Through the pot of tea and plate of biscuits, they shared stories of Warlock, strategized, planned, and of course speculated extensively on the Plan, the Ineffable bloody Plan. As usual, they could come to no firm conclusion whatsoever. Somehow Aziraphale found himself adding a bit of whiskey to each cup of tea they drank, and by the time the pot was empty, the bottle was nearly empty as well.

Talk turned for a while to the bookshop Aziraphale had left behind. It was only six months ago that he finally found a temporary manager he felt he could trust, even if they were a mere mortal. For the first year and a half he’d been here as Brother Francis, “Francis” took frequent trips back to the city “to visit an ailing relative.” (Aziraphale said he got the idea from a book.) Actually he was opening the bookshop for an hour here and there while interviewing possible managerial candidates. At last, he’d found someone who he was quite certain would never actually sell a book, and the ailing relative suddenly croaked. With his week’s bereavement leave, he had himself a nice holiday by the sea with all of his favorite books, leaving a seethingly jealous Ashtoreth behind.

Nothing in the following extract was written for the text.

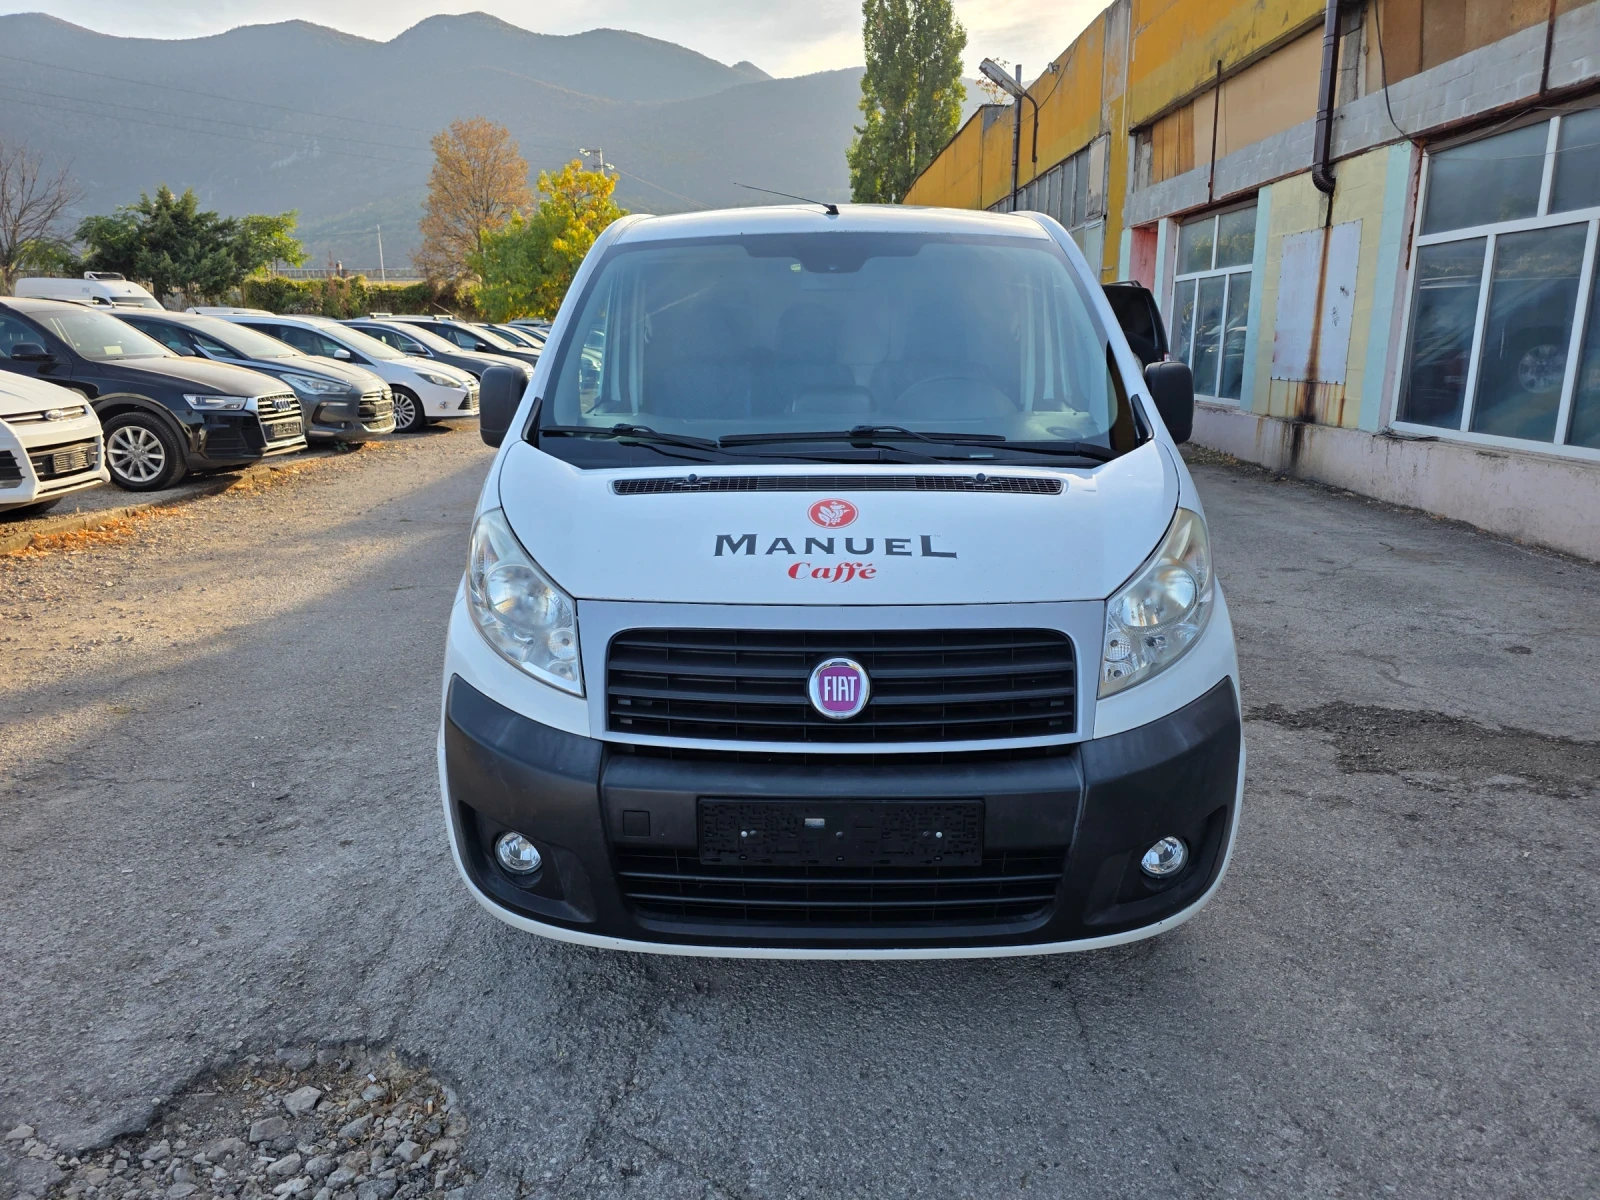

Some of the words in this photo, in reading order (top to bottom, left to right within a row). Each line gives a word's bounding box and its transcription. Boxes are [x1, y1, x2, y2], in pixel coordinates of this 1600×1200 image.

[713, 533, 958, 559] MANUEL
[788, 561, 877, 583] Caffé
[824, 676, 857, 702] FIAT

The last bit of whiskey went directly into their empty teacups, and Ashtoreth gulped hers in one. “Sorry,” she said, her hands going up to her hair. “D’you mind if I…” One pin came out, then another. A smooth round curl fell down to drape from her shoulder toward her collarbone, a fiery tendril that looked silk-soft.

Aziraphale tore his eyes away from it to meet Ashtoreth’s… well, spectacles. “Not at all, my dear,” he said, looking like a spellbound moth in front of a very pretty flame.

The next pin came out, and the next curl fell. After the following few pins were discarded on the table in the growing pile, Ashtoreth half-closed her eyes and gave a pleased little moan at the release of it, though her eyes flew wide open when Aziraphale’s teacup rattled so violently on its saucer she was worried it would crack. “All right?” she asked, once more raising that one eyebrow.

“Y-yes,” Aziraphale breathed, not even blinking. He set his empty cup and saucer on the table. A few moments more, and all her lovely copper hair was loose around her face. It wasn’t as long as he’d expected, really not much longer than it had been when Crowley first proposed this particular arrangement of looking after the Antichrist several years ago. 

The final straw was when Ashtoreth removed the round glasses from her face and Aziraphale saw her golden eyes for the first time in… probably, now he thought about it, years. Since they were drunk in the back of his bookshop, discussing the Antichrist and humans and… whales… The Sound of Music…. She looked every inch a mortal woman in this form, but for those demonic eyes. They were completely and utterly the eyes of his good old nemesis, Crowley. Or, in this case, Ashtoreth. They were one and the same. Looking at the yellow-golden shine of her eyes, Aziraphale gave a little shiver. It went thankfully unnoticed by Ashtoreth as she was now rubbing her eyes carefully with the pads of both index fingers, deliberately not smudging her mascara. “That’s better,” she said with a little sigh.

Aziraphale swallowed. This corporeal form did not have urges along the lines of, well of… of the… carnal pleasures, to put it one way. It wasn’t even equipped, physiologically speaking, with the right parts. But still, something about the shine of her hair, the pale length of her throat, and the glow of her eyes in the dim lighting… it did something to him. “You look lovely, my dear,” Aziraphale said softly, and he really, really meant it. 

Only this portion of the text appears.